While watching this basketball game I've been surfing around basketball-reference.com, and I was looking at the season-by-season league rebounding leaders. I came across the name Artis Gilmore. Gilmore is a guy I remember my dad telling me about, but I didn't really know that much about him. Looking at his profile, I just have one thing to say.
Checking out Gilmore's profile on basketball-reference, here are the reasons you should know about Gilmore, and why he's one of the greatest basketball players of all-time.
He was an ABA rookie of the year, MVP, All-Star MVP, and Playoff MVP.
He led the ABA in field goal percentage twice and led the NBA in field goal percentage four times: he is both the all-time ABA and NBA leader in field goal percentage.
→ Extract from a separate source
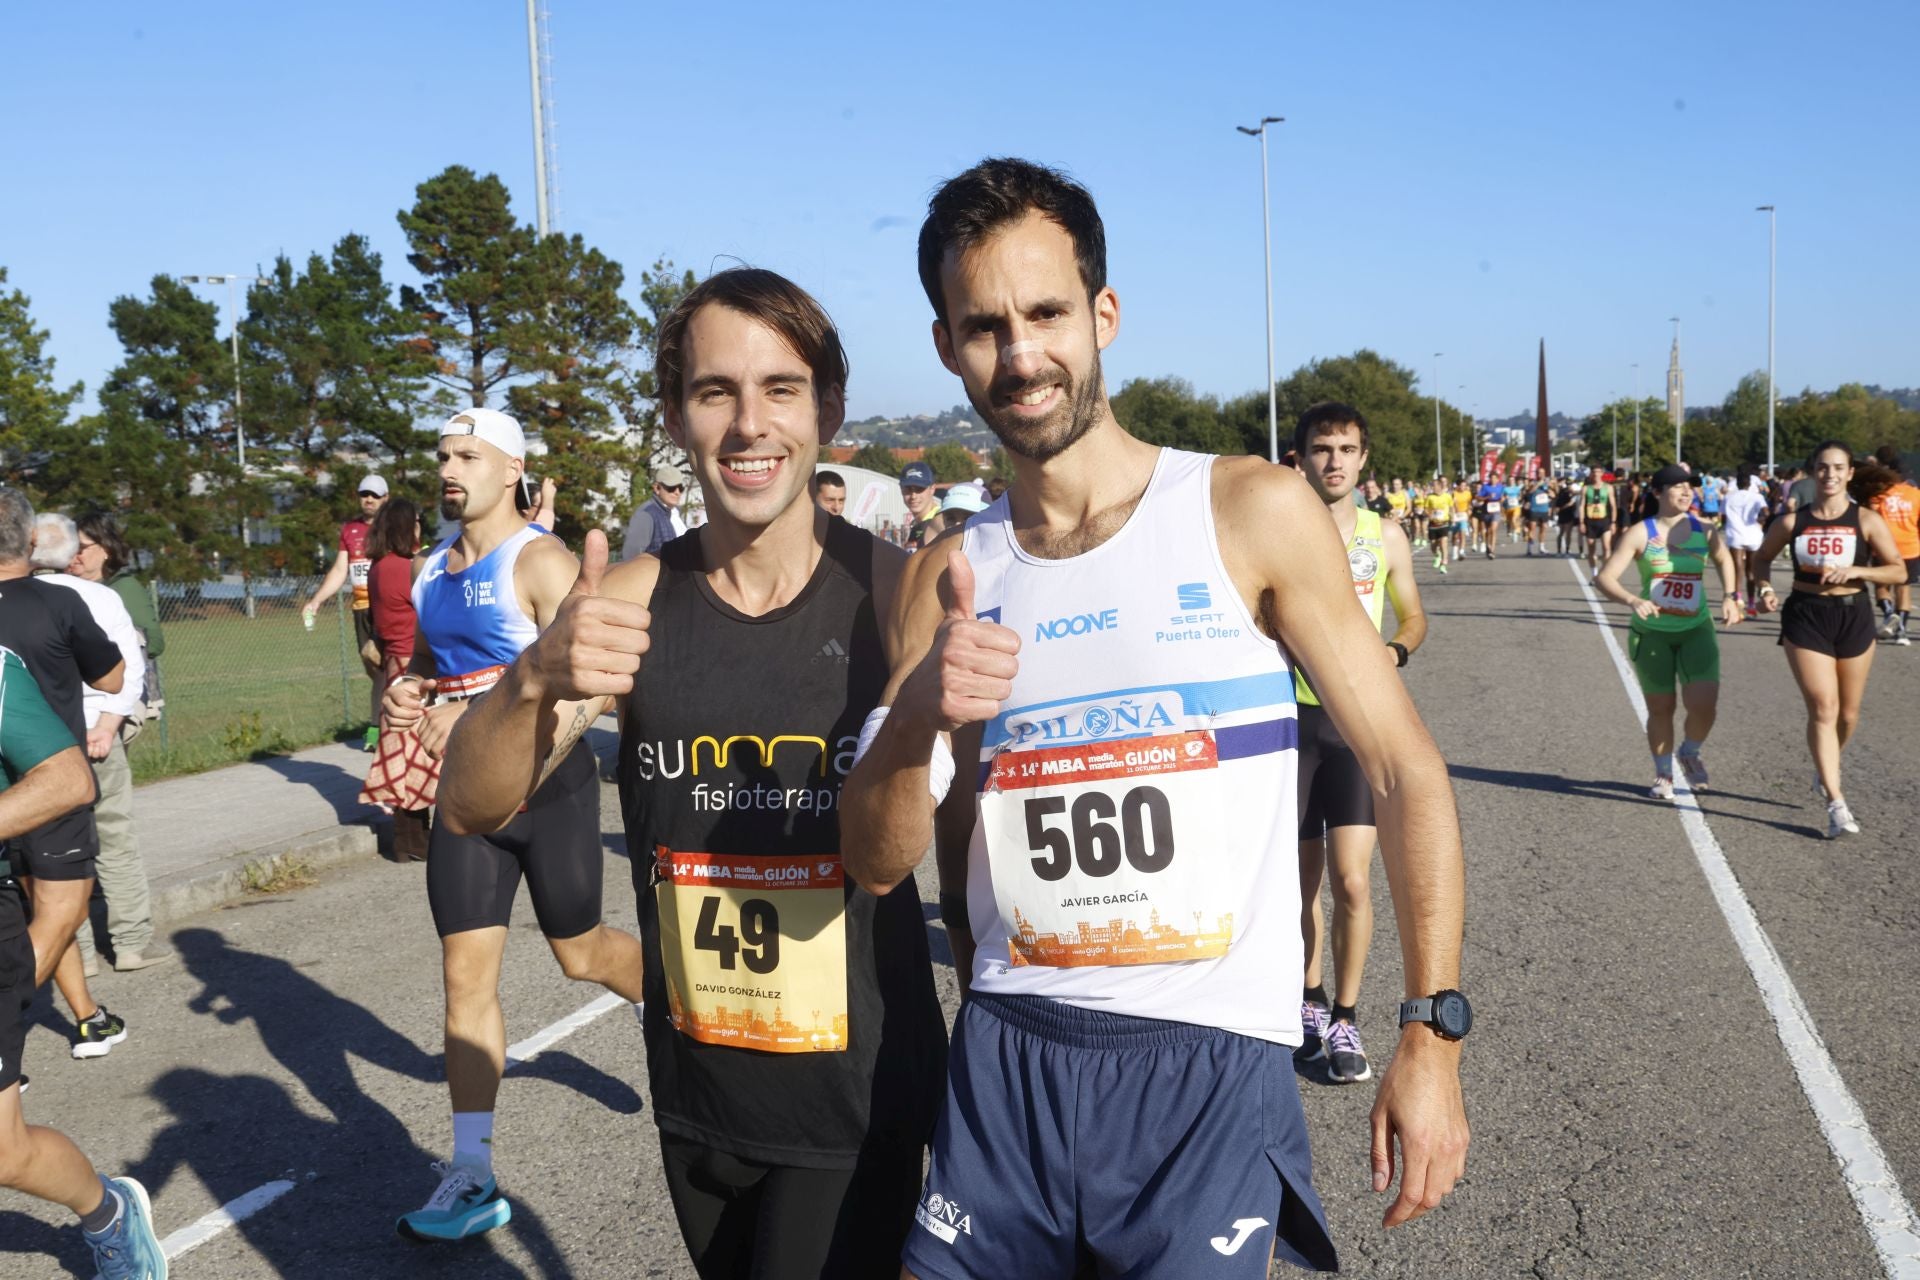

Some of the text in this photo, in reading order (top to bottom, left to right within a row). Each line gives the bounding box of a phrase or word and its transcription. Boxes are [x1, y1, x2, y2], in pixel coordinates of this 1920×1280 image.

In his five years in the ABA, he led the league in rebounds per game four times, and was second a fifth time; he's the ABA's all-time leader in rebounds per game (17.1). When he moved on to the NBA, he was in the top-10 in rebounds per game 7 times.
He led the ABA in blocks three times and blocks per game twice.
And he led the Kentucky Colonels to the 1975 ABA championship.
We've got to start paying more historical respect to the greats of the ABA. A lot of ABA players went on to great NBA success, but we should remember those stars that played their primes in the ABA. Like Gilmore, many great centers have their best statistical years in their first five years (look at Wilt's sick first six years, or Kareem's dominant Milwaukee years). I think we ought to at least bring up Gilmore's name when we discuss the all-time great centers. When you consider his ABA dominance, you can make an argument that Gilmore is one of the top 10 centers every to play the game.
So, in summary, at the end of the day, what it comes down to, the bottom line is, in conclusion, respect Artis Gilmore.